BEGIN Materials provided

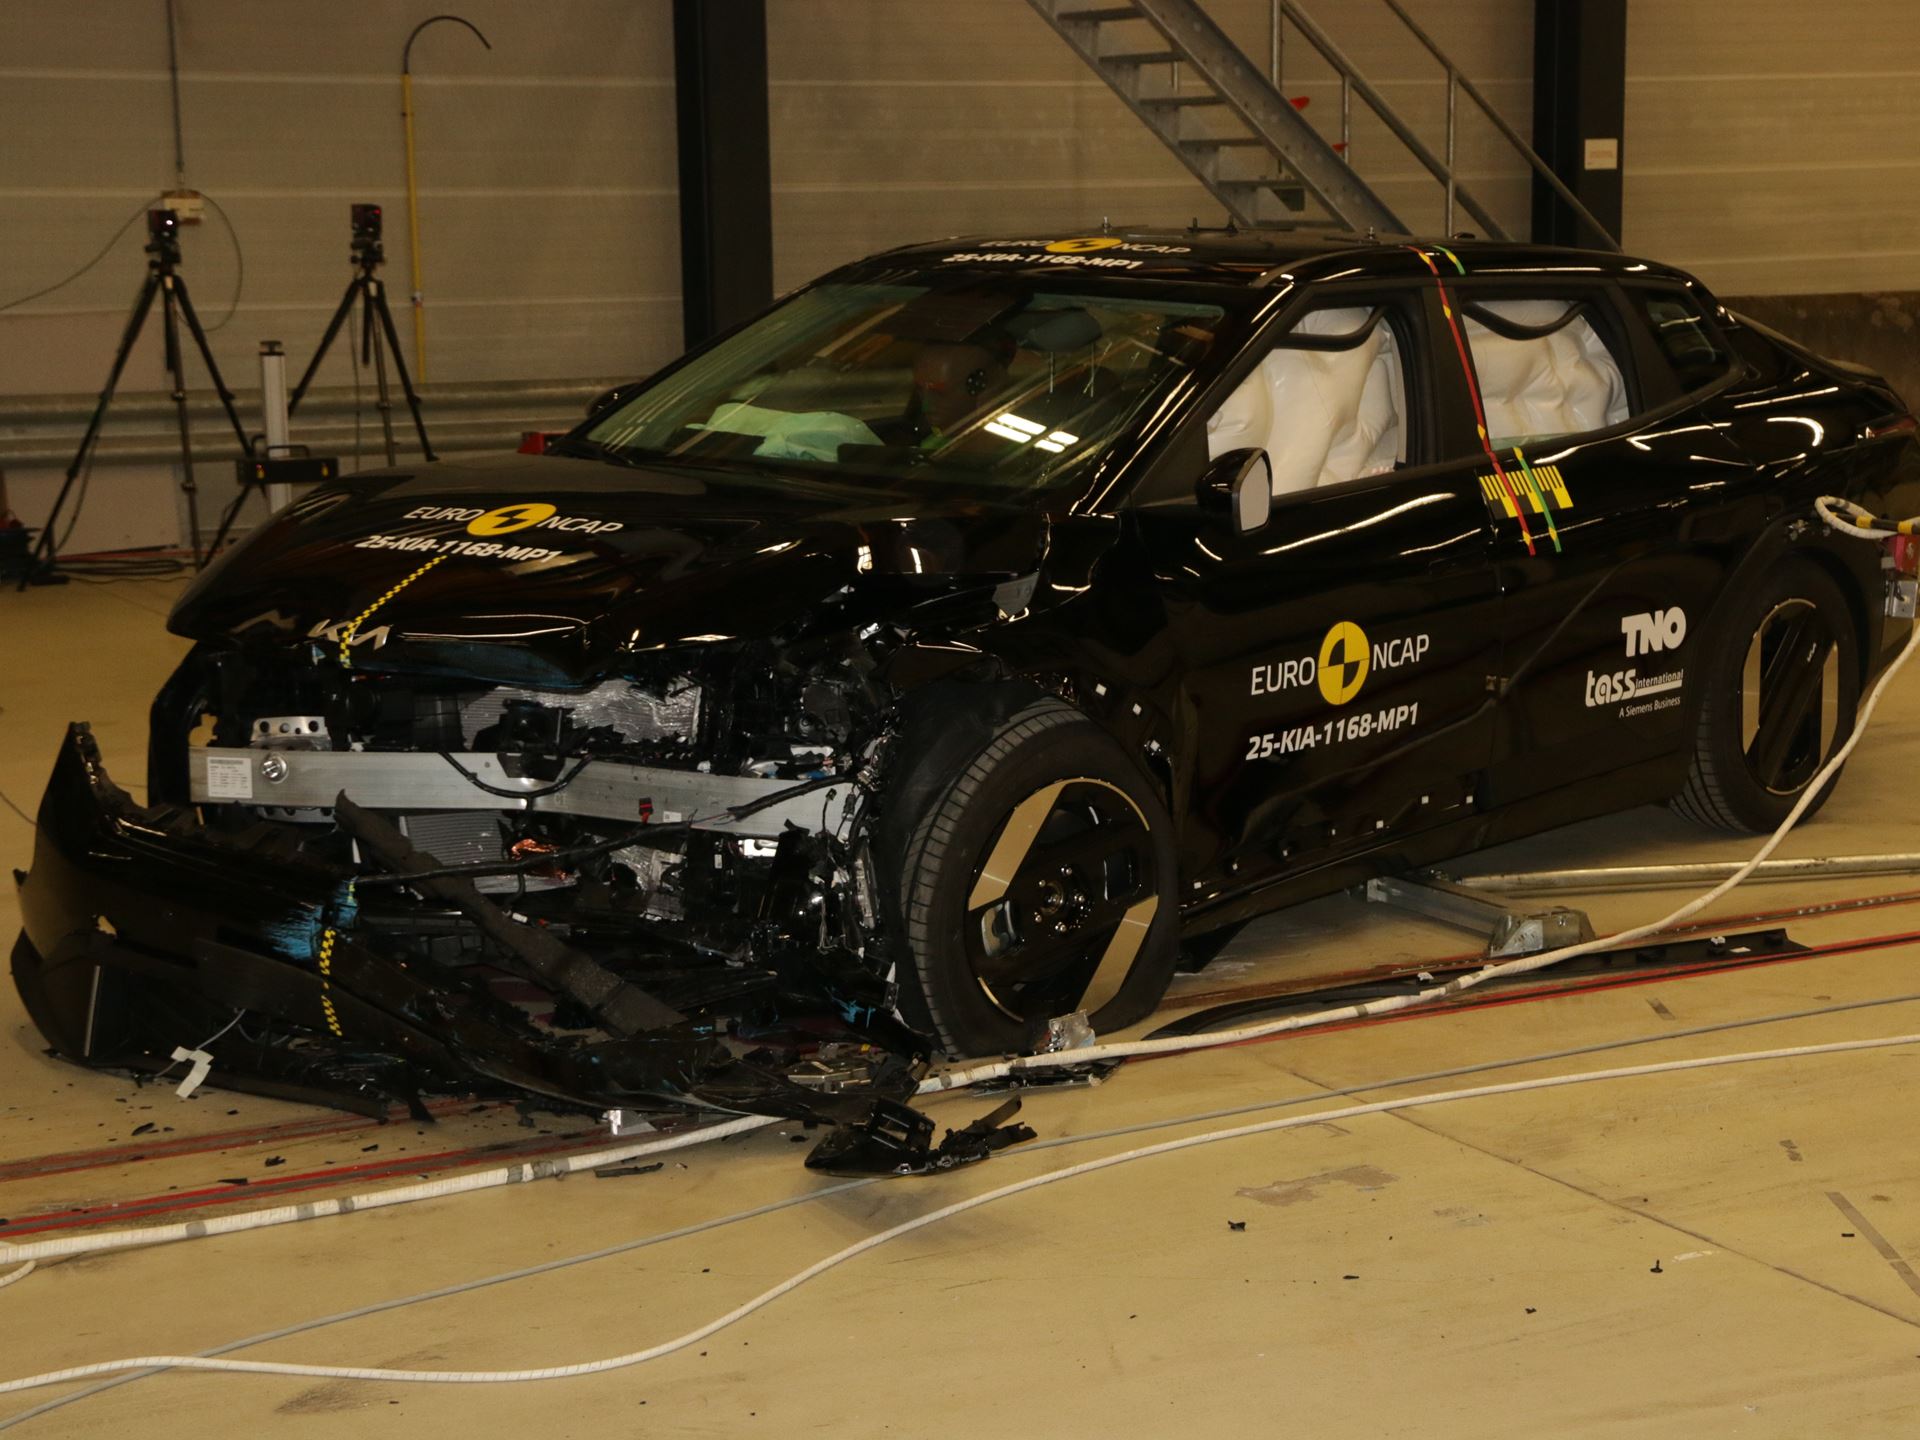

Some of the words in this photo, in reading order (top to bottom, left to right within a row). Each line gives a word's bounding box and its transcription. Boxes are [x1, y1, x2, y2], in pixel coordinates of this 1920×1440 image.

[942, 253, 1144, 270] 25-KIA-1168-MP1
[1113, 243, 1191, 253] NCAP
[403, 506, 485, 521] EURO
[537, 516, 624, 534] NCAP
[354, 535, 563, 563] 25-KIA-1168-MP1
[307, 618, 391, 651] KA
[1621, 606, 1687, 658] TNO
[1251, 656, 1315, 695] EURO
[1372, 634, 1430, 671] NCAP
[1619, 707, 1625, 718] A
[1625, 704, 1653, 717] Siemens
[1654, 697, 1681, 711] Business
[1245, 702, 1418, 760] 25-KIA-1168-MP1
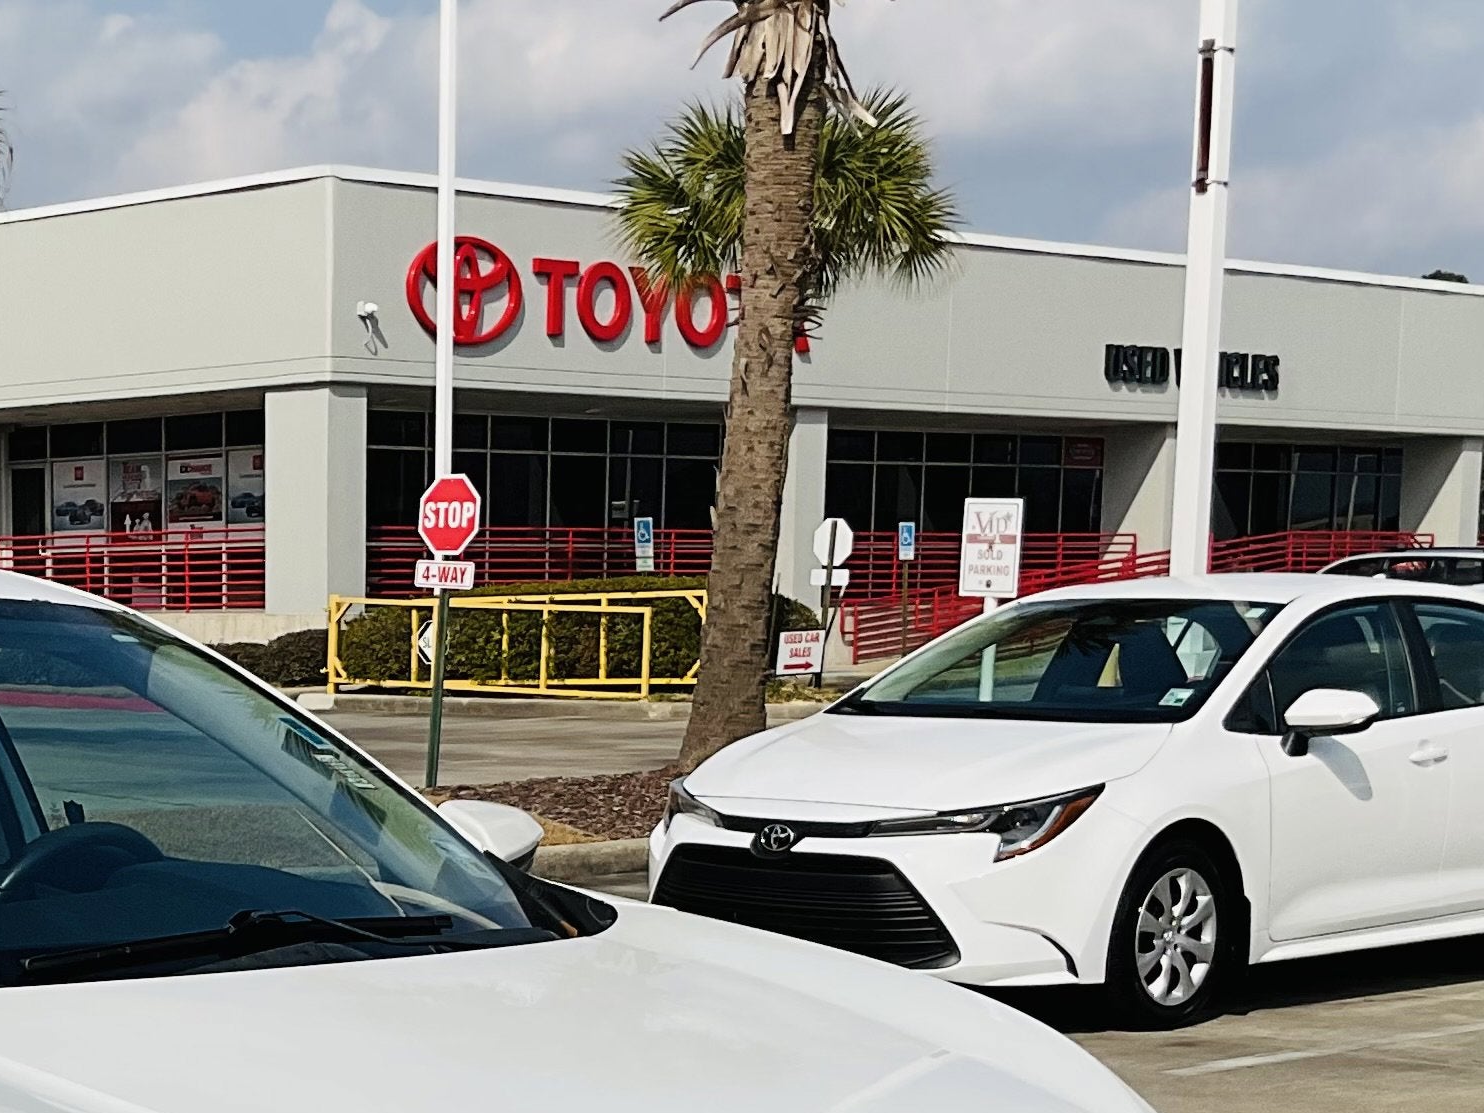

END Materials provided

> [Activity]:
Write the entries out again exactly as they appear, with the pictures omitted.

> [Reply to the exercise]:
Some of the words in this photo, in reading order (top to bottom, left to right within a row). Each line gives a word's bounding box and its transcription. Boxes are [x1, y1, x2, y2], in pixel coordinates of this 1920×1440 image.

[942, 253, 1144, 270] 25-KIA-1168-MP1
[1113, 243, 1191, 253] NCAP
[403, 506, 485, 521] EURO
[537, 516, 624, 534] NCAP
[354, 535, 563, 563] 25-KIA-1168-MP1
[307, 618, 391, 651] KA
[1621, 606, 1687, 658] TNO
[1251, 656, 1315, 695] EURO
[1372, 634, 1430, 671] NCAP
[1619, 707, 1625, 718] A
[1625, 704, 1653, 717] Siemens
[1654, 697, 1681, 711] Business
[1245, 702, 1418, 760] 25-KIA-1168-MP1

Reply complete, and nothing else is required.